The Intent Layer Is Where Local Voice Assistants Actually Struggle
Source: hackernews
Someone in the Home Assistant community wrote up a detailed journey through building a reliable local voice assistant that collected over 400 upvotes on Hacker News. The discussion there predictably focused on hardware choices, microphone quality, and Whisper model sizes. What got less attention is the stage that sits quietly in the middle of the pipeline: the conversation agent that takes a transcribed sentence and decides what to do with it.
Get the STT and TTS right and you have a system that hears you and speaks back. Get the conversation agent wrong and you have a system that confidently mishears intent even when transcription was perfect. The two failure modes look identical to anyone standing in the kitchen asking why the lights did not turn off.
What Hassil Actually Does
Home Assistant’s default conversation agent uses Hassil, a purpose-built intent matching library written in Python. It does not use a neural network. It uses a domain-specific language for defining sentence templates, against which incoming transcriptions are matched via a recursive parser.
A template looks like this:
language: en
intents:
HassTurnOn:
data:
- sentences:
- "turn on [the] {name}"
- "switch on [the] {name}"
- "(activate|enable) [the] {name}"
The square brackets denote optional words. Parentheses with pipe separators are alternations. Curly braces are slot references that map to entity names, area names, or other lists. Hassil expands all combinations at load time into a trie-like structure and does exact matching against that structure during inference.
The performance characteristics are excellent. Matching a transcription against the full expanded template set takes under one millisecond on any modern hardware. There is no GPU required, no model to load, and no external service to call. For the sentences it covers, it is perfectly reliable: the same phrase always produces the same intent with no stochasticity.

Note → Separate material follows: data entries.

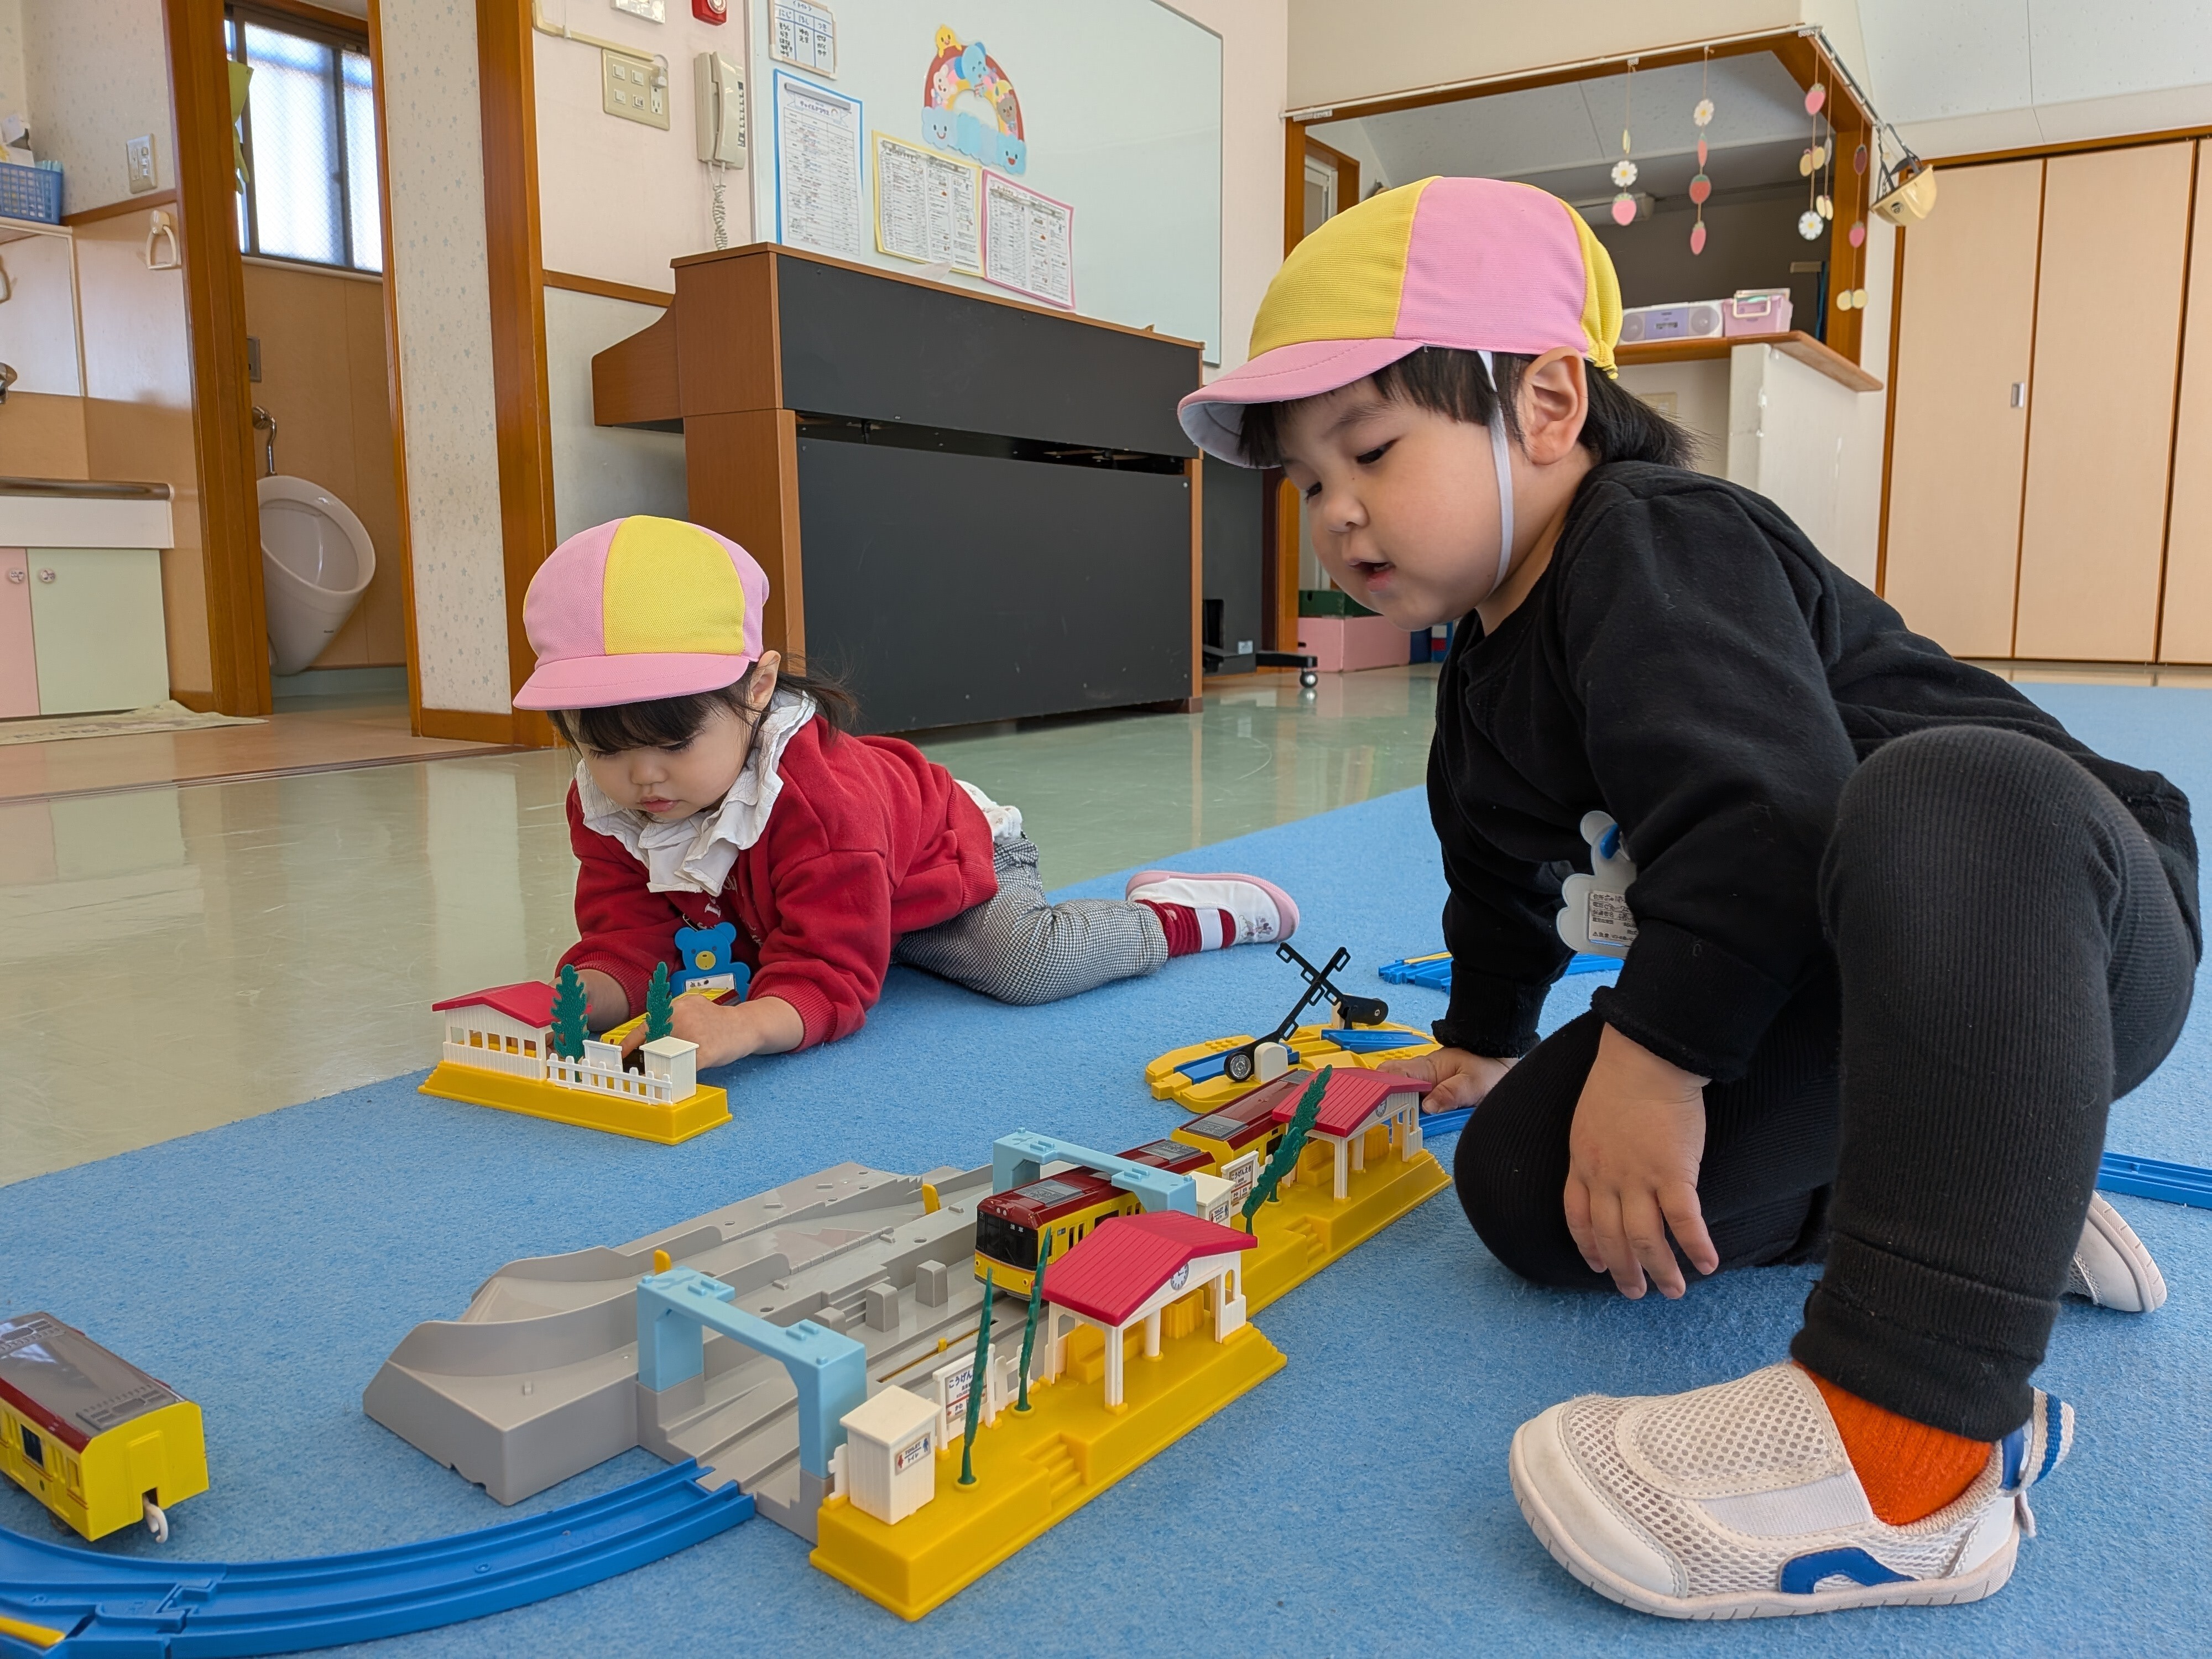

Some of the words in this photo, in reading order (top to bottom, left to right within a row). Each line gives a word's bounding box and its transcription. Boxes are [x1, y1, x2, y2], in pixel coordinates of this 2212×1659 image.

[1232, 1165, 1251, 1181] こうげんえき
[949, 1370, 973, 1389] こうげん
[905, 1441, 921, 1455] TOILET
[907, 1453, 919, 1463] トイレ
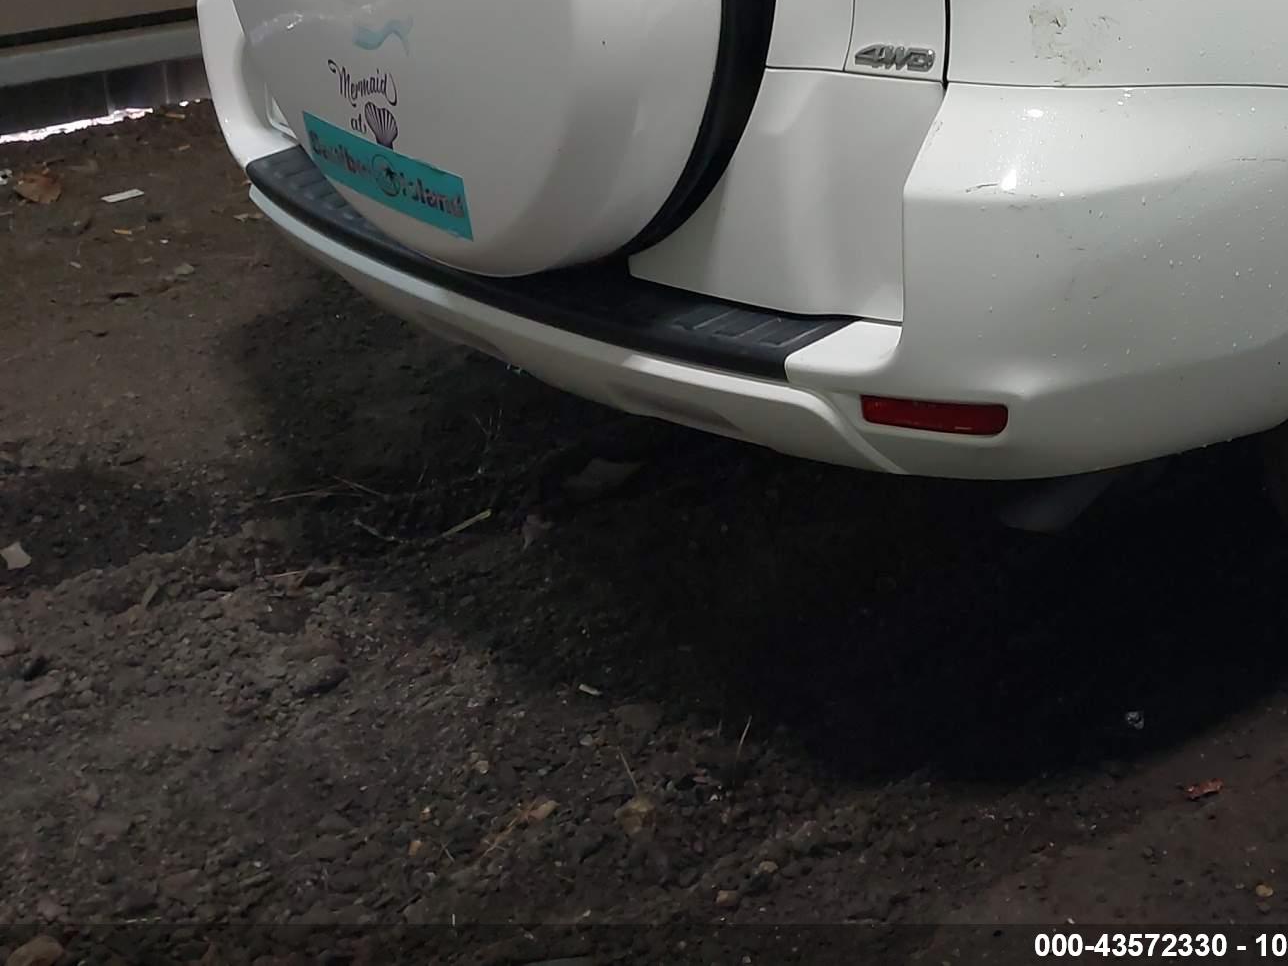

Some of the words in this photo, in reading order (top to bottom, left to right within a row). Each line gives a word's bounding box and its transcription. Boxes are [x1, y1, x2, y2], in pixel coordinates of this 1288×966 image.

[855, 43, 936, 72] 4WD
[327, 59, 398, 107] Mermaid
[350, 113, 367, 135] at

The limitation is what that phrase “the sentences it covers” implies. Hassil matches exactly the phrases it was given templates for. It does not generalize. “Turn off the kitchen” works if there is a template that allows area-only references. “Is anything on in the kitchen” requires a separate intent with its own template set. “What did I leave running upstairs” is not representable without significant work. The Home Assistant intent templates repository, which ships the default English intent coverage, has grown substantially over the Year of Voice initiative, but it remains a fixed vocabulary of supported commands.
For a typical home automation use case, this is fine. Most daily interactions are simple imperatives: turn on, turn off, set to brightness, lock the door, play music. Hassil handles all of these reliably. The issue surfaces in two places: commands that fall slightly outside the template vocabulary, and questions about home state.
The Local LLM Path
Home Assistant 2023.12 introduced the ability to replace the Hassil conversation agent with an LLM-backed agent via the OpenAI Conversation integration. This initially required a cloud API key. The more interesting development came with the Ollama integration, added in HA 2024.1, which routes the same conversation requests to a locally running Ollama instance.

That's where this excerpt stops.